Just how bad is the fishing let alone just touching the water in the Kazoo River.

What's the overall impression of the Kazoo River........it seems to me that it sucks......it's a joke....never will be clean...etc.


----------



## skip tumalu (Oct 1, 2011)

I love the kzoo, lived on it for years. The fishing is great, huge smallies, pike in the bayous along with crappie and gills, Walleye and a great salmon and steelie run. Definitely not the prettiest river or most scenic but its close to home. 

Outdoor Hub mobile, the outdoor information engine


----------



## tannhd (Dec 3, 2010)

A lot of people eat salmon and steel from the kzoo, which I think would be fine in moderation as would any great lakes fish. 

Warm water species and residents are different. Personally, I wouldn't eat anything that lives year round in there. 

The DNR has a posting about consumption levels that you should look into. 

I would actually love the kzoo if they just got rid of that damn allegan dam.


----------



## thousandcasts (Jan 22, 2002)

The K-zoo is a fun river...you can catch anything there. Same thing with the Grand. Man has given those rivers a bad rep, but while they might have some issues, they have great fisheries for several different species. 

My dad and I used to canoe the headwaters near Mosherville all the time when I was a kid--same thing with the upper St. Joe.


----------



## EdB (Feb 28, 2002)

> My dad and I used to canoe the headwaters near Mosherville all the time when I was a kid--same thing with the upper St. Joe.


Used to fish stream trout just a bit farther upstream from there many years ago when I was young. That stretch used to get a regular plant and the DNR documented natural reproduction there too. One of just a couple places to catch trout in Jackson county. Haven't fished that stretch in over 25 yrs but back in the day, we had a lot of fun there.


----------



## skip tumalu (Oct 1, 2011)

I'll eat a steelie or two out of the kzoo if they are fresh looking, I cannot bring myself to eat other species out of there due to its history of contaminants. I've never fished up river from the Allegan dam, just between it and lake Michigan. I agree, tear that dam down!

Outdoor Hub mobile, the outdoor information engine


----------



## Far Beyond Driven (Jan 23, 2006)

Yes, the river is a mess, the water is caustic and will strip the flesh off your skin after your boat sinks from the hull being eroded. The fish all have tumors and three eyes.

You should avoid the river and leave it to those of us who won't mind when our kids are born with hooves.


----------



## rieverr (Dec 7, 2010)

U dont have to grease ur pan from the K-zoo with the Millions of gallons of oil that was dumped in it.. And i still eat steel from there.


----------



## cireofmi (Feb 13, 2001)

I miss fishing the Grand River.
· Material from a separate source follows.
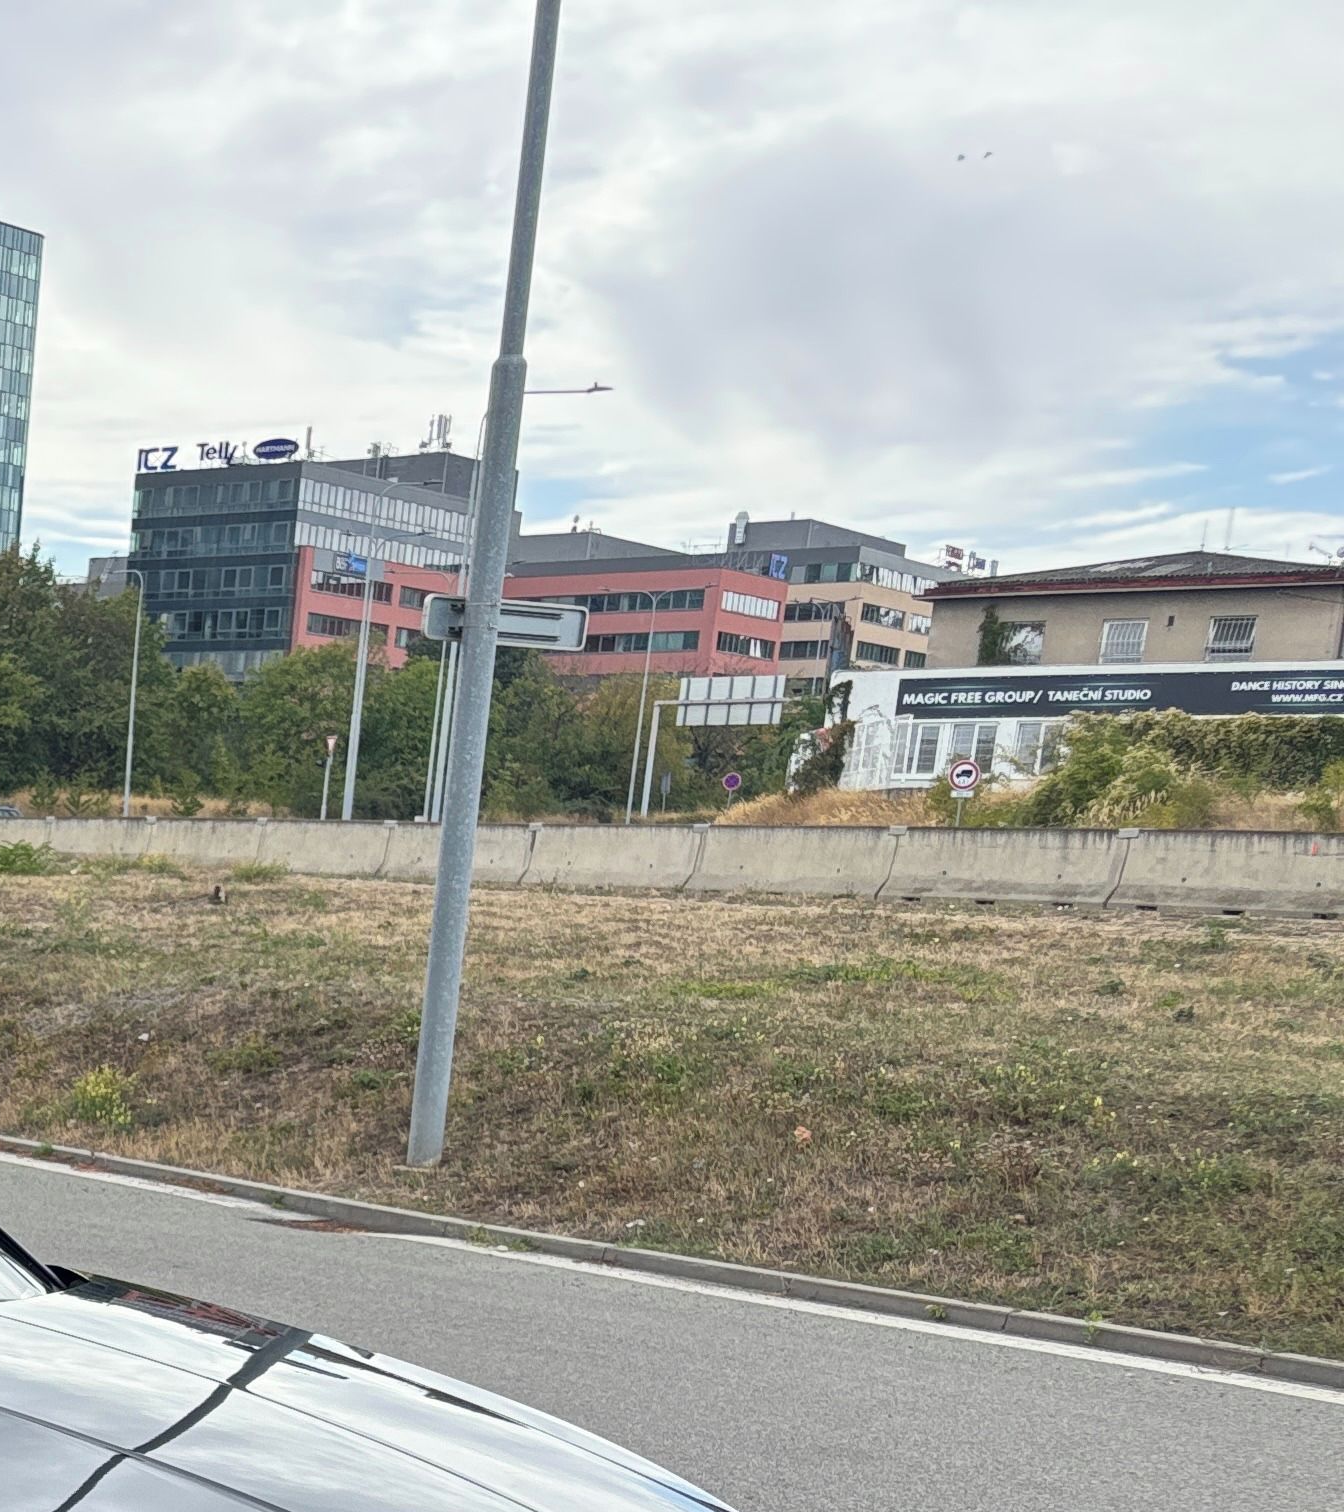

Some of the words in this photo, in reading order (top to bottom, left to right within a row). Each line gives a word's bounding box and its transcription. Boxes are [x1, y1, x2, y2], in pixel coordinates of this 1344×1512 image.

I am not used to fishing a river that only gets trout and salmon from what I can tell.


----------



## limpinglogan (Sep 23, 2009)

An old timer that works for me has been fishing steelhead forever and he swears that he can get more fish out of the K-zoo then any other river... and he has fished them all.
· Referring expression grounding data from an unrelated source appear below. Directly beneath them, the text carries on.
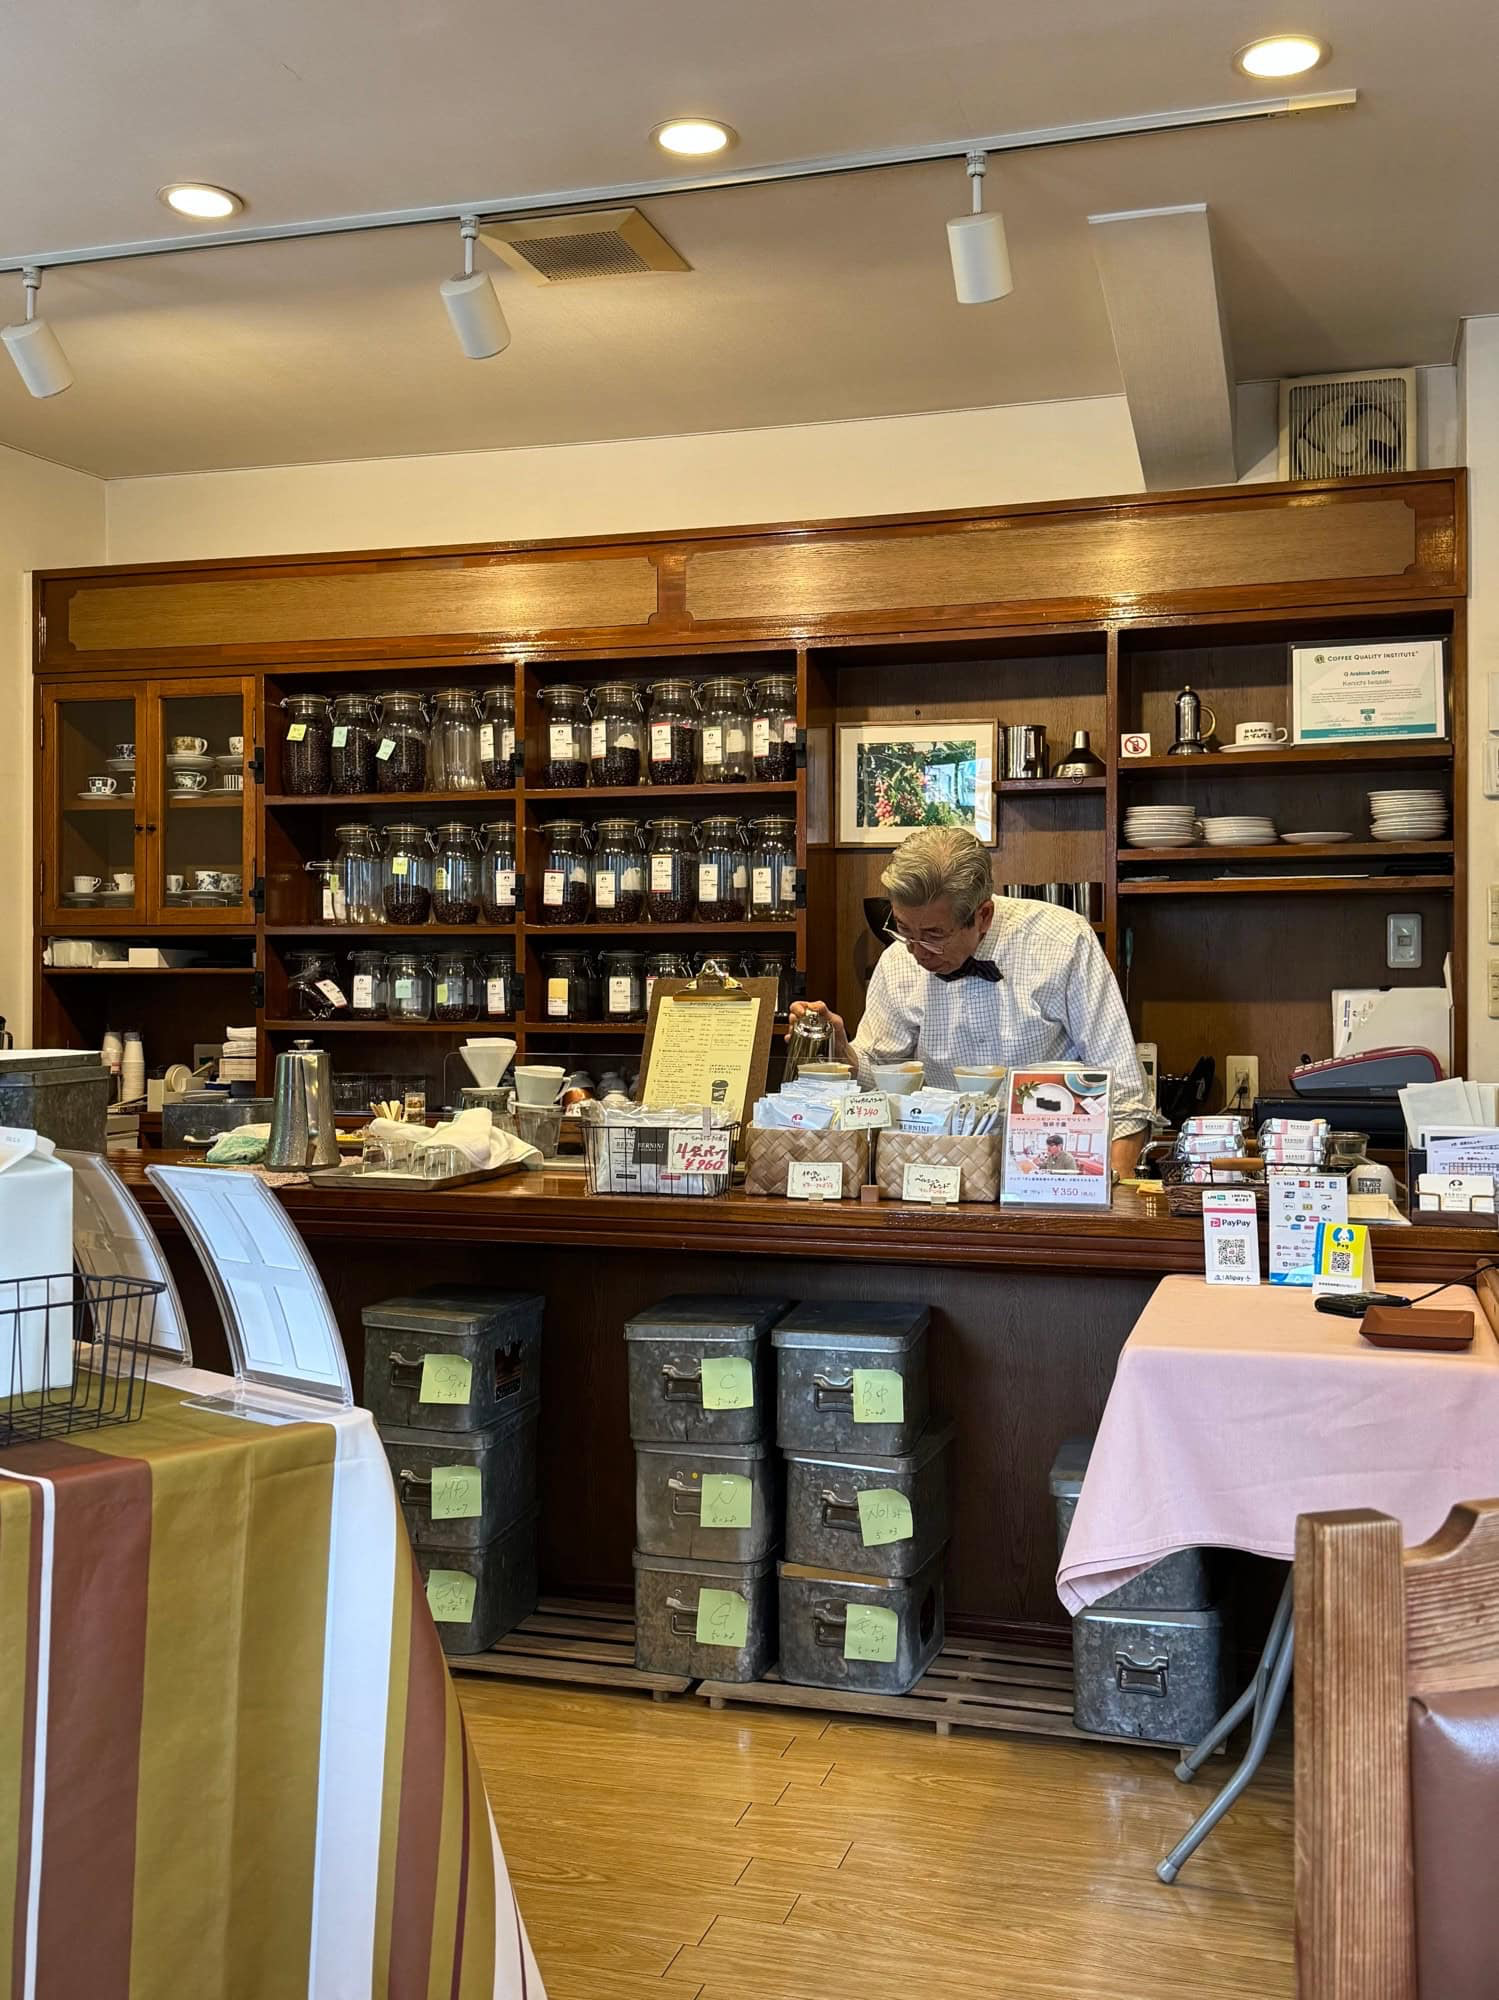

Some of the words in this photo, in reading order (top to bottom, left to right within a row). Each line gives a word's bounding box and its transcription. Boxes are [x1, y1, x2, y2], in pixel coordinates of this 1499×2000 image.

[1354, 653, 1381, 661] QUALITY
[856, 1105, 879, 1117] ¥240
[684, 1158, 724, 1171] ¥960
[1052, 1187, 1079, 1196] ¥350
[1221, 1219, 1251, 1228] PayPay
Idk his secret but he has fished every river on the West side and he talks about 10-20+ fish days on the K-zoo as what he expects when he goes out. (he told me one time that he likes to fish a pink jig with a spawn bag on it under a bobber.)

He has told me a lot of stories about rivers, streams, specific holes and runs all over the west side and he hasn't given me one reason to not believe him yet.


----------



## tannhd (Dec 3, 2010)

limpinglogan said:


> An old timer that works for me has been fishing steelhead forever and he swears that he can get more fish out of the K-zoo then any other river... and he has fished them all.
> 
> Idk his secret but he has fished every river on the West side and he talks about 10-20+ fish days on the K-zoo as what he expects when he goes out. (he told me one time that he likes to fish a pink jig with a spawn bag on it under a bobber.)
> 
> He has told me a lot of stories about rivers, streams, specific holes and runs all over the west side and he hasn't given me one reason to not believe him yet.
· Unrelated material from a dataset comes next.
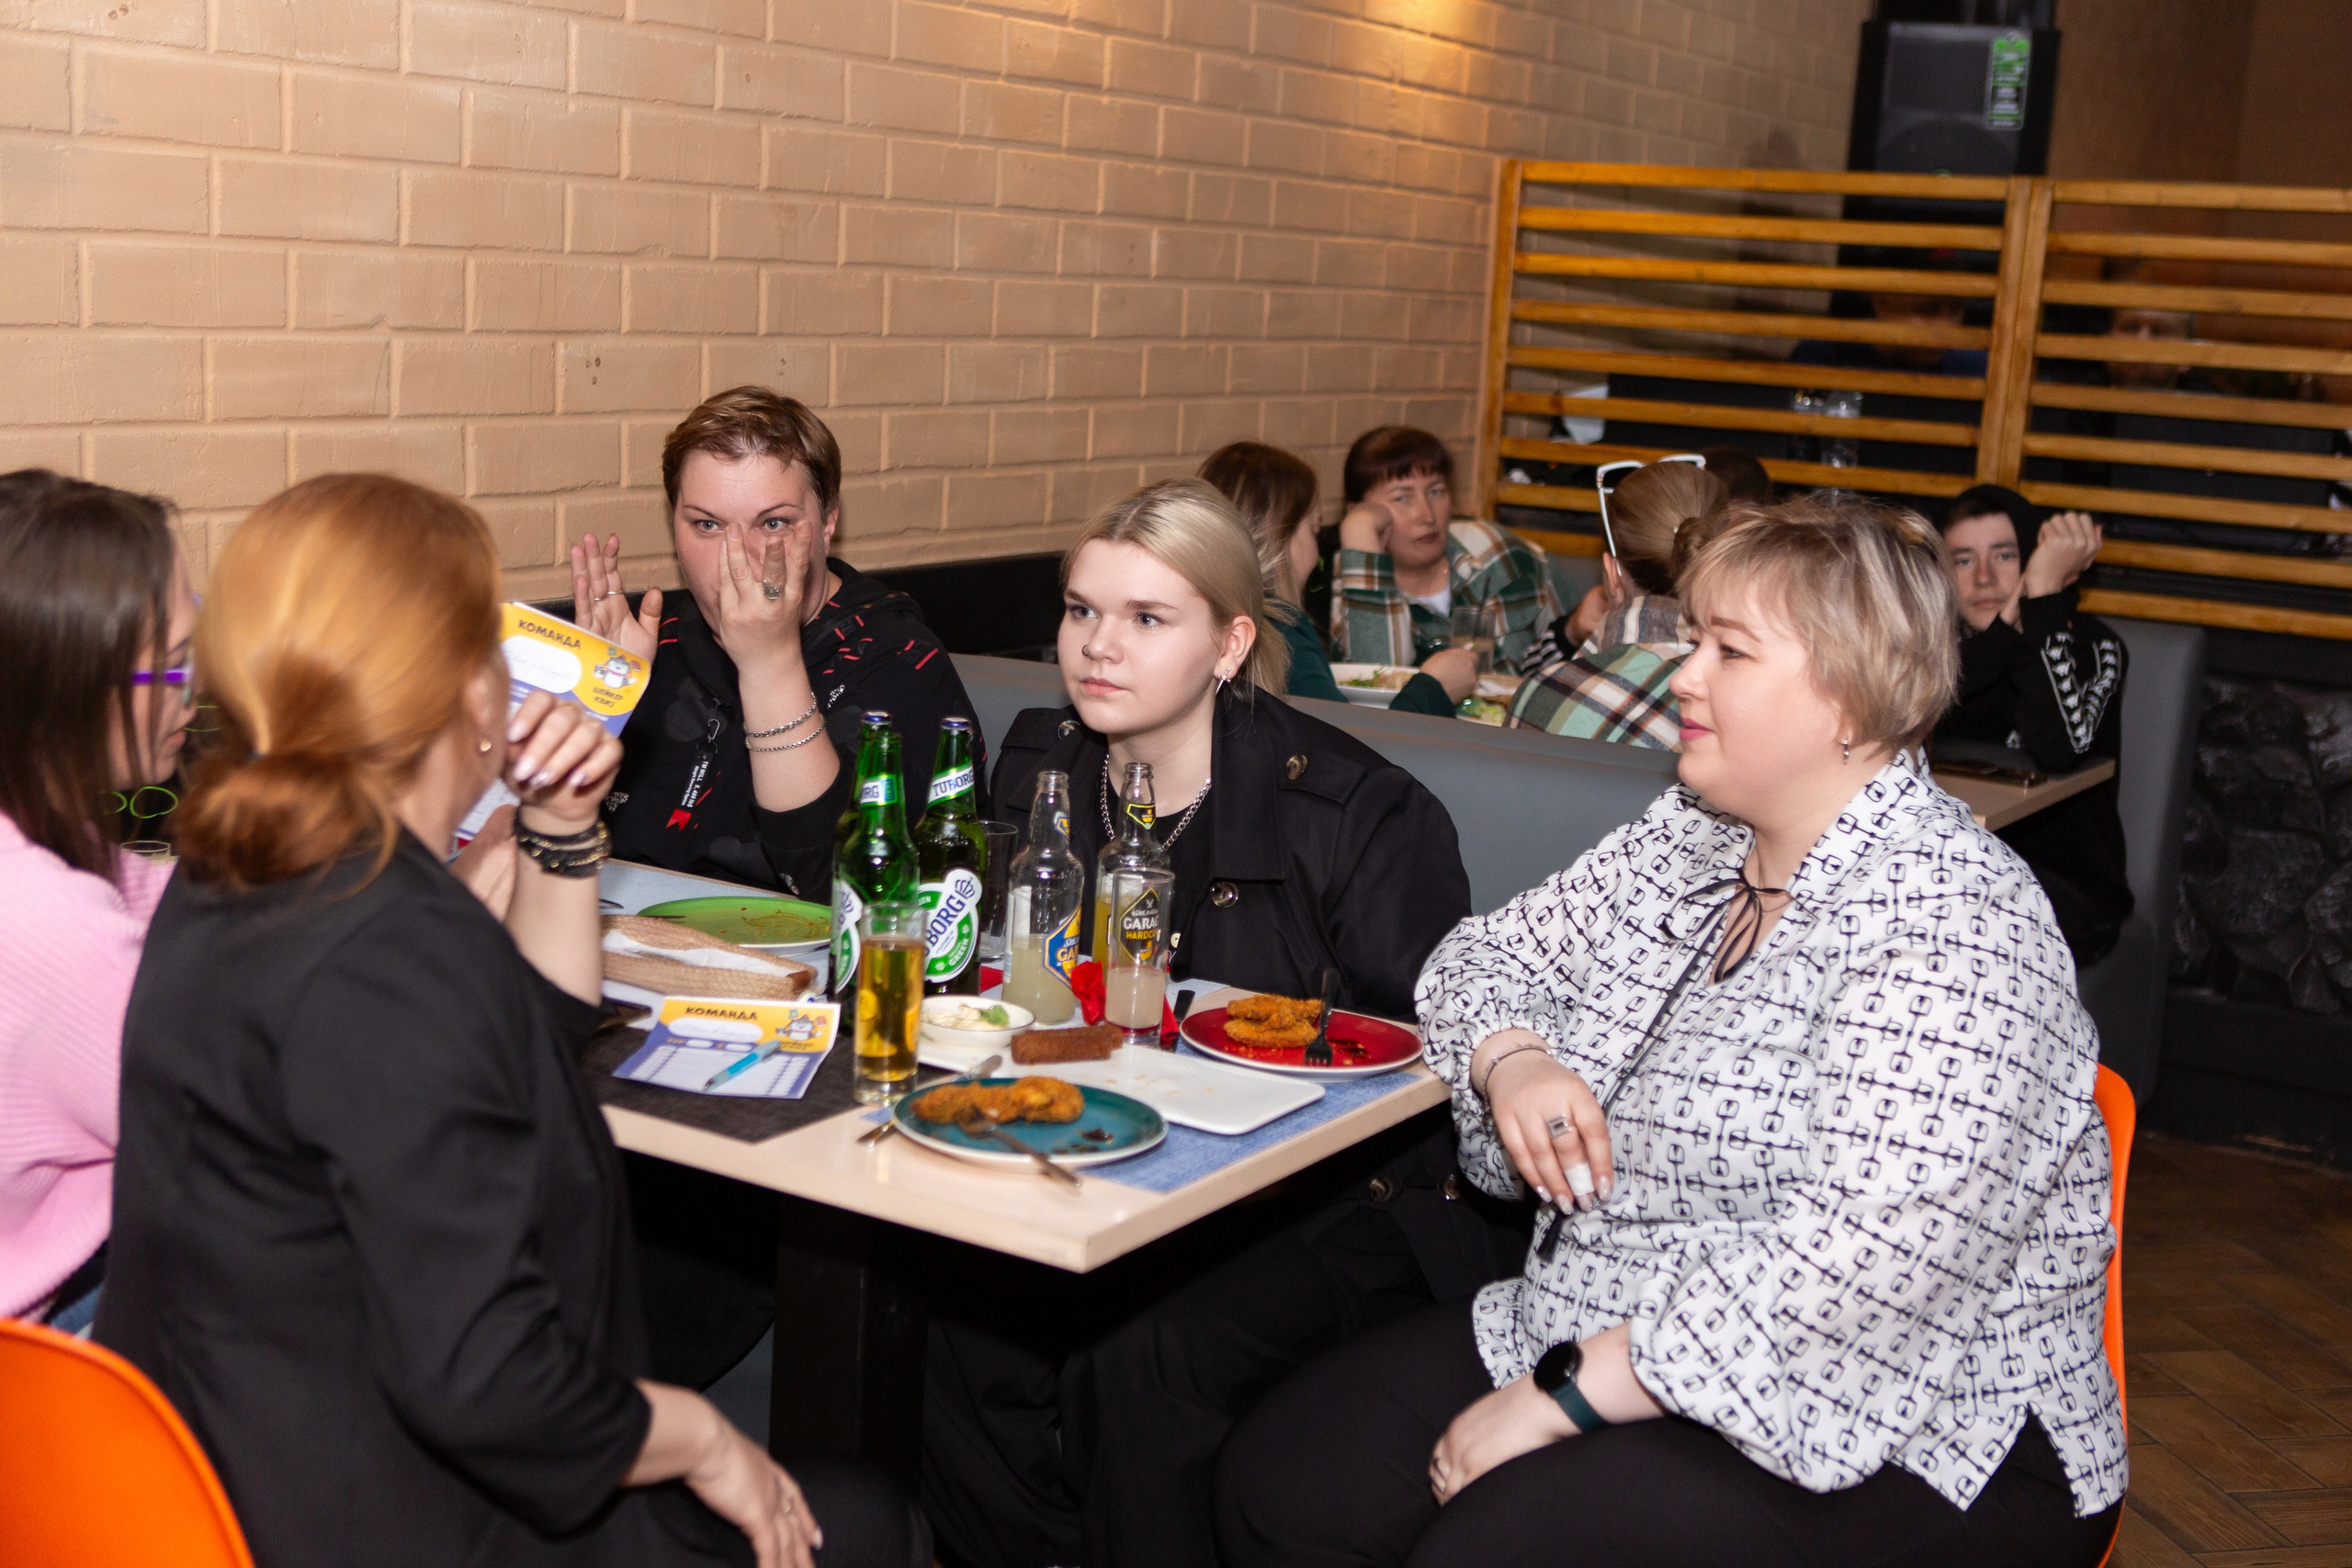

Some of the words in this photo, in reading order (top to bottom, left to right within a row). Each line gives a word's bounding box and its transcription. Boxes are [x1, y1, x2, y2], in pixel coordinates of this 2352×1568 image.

[518, 619, 582, 650] КОМАНДА
[924, 895, 967, 956] BORG
[948, 938, 969, 966] GREEN
[685, 1006, 757, 1021] КОМАНДА
The traffic jam of a ladderless dam will help the odds of catching fish any day. Terrible tragedy that the Allegan dam is. :sad:


----------



## Jay Wesley (Mar 2, 2009)

Starts as a trout stream in the headwaters. Turns into a world class smallmouth bass stream in the mid-section. Has a great walleye, channel catfish, and flathead catfish in the lower as well as salmon and steelhead. Not sure why people think it is so bad. 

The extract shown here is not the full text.